(EXERCISE INSTRUCTIONS): Repeat the entries exactly but omit the pictures.
============================================================
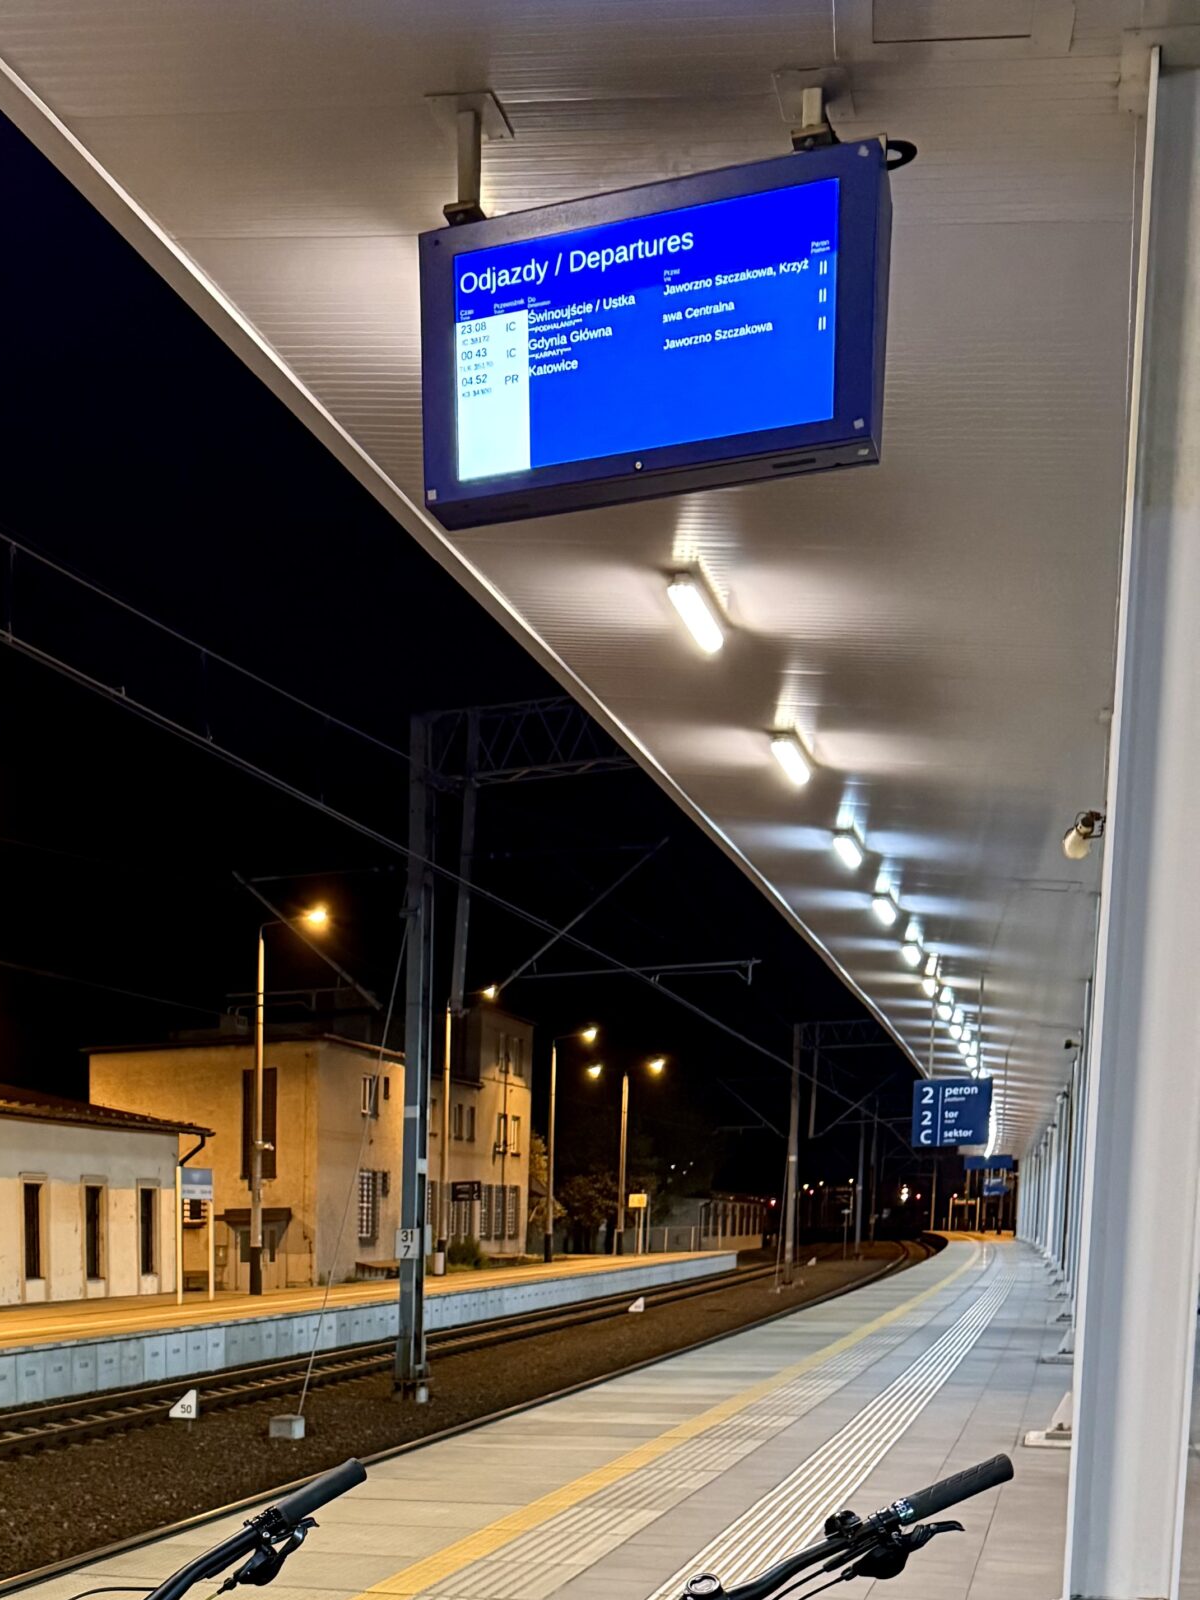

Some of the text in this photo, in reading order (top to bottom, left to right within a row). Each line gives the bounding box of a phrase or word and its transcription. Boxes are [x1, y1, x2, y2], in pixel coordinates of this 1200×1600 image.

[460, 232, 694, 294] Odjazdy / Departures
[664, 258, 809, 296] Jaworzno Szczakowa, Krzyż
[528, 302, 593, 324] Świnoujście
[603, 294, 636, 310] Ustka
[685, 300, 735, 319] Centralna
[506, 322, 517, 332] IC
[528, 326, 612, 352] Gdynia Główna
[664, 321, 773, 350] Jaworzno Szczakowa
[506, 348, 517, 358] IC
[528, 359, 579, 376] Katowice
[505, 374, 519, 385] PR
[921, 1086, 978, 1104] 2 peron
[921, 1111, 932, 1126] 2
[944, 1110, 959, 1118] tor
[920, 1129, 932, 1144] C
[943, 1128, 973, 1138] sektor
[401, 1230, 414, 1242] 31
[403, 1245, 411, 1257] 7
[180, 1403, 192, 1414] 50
============================================================
(EXERCISE OUTPUT):
Some of the text in this photo, in reading order (top to bottom, left to right within a row). Each line gives the bounding box of a phrase or word and its transcription. Boxes are [x1, y1, x2, y2], in pixel coordinates of this 1200×1600 image.

[460, 232, 694, 294] Odjazdy / Departures
[664, 258, 809, 296] Jaworzno Szczakowa, Krzyż
[528, 302, 593, 324] Świnoujście
[603, 294, 636, 310] Ustka
[685, 300, 735, 319] Centralna
[506, 322, 517, 332] IC
[528, 326, 612, 352] Gdynia Główna
[664, 321, 773, 350] Jaworzno Szczakowa
[506, 348, 517, 358] IC
[528, 359, 579, 376] Katowice
[505, 374, 519, 385] PR
[921, 1086, 978, 1104] 2 peron
[921, 1111, 932, 1126] 2
[944, 1110, 959, 1118] tor
[920, 1129, 932, 1144] C
[943, 1128, 973, 1138] sektor
[401, 1230, 414, 1242] 31
[403, 1245, 411, 1257] 7
[180, 1403, 192, 1414] 50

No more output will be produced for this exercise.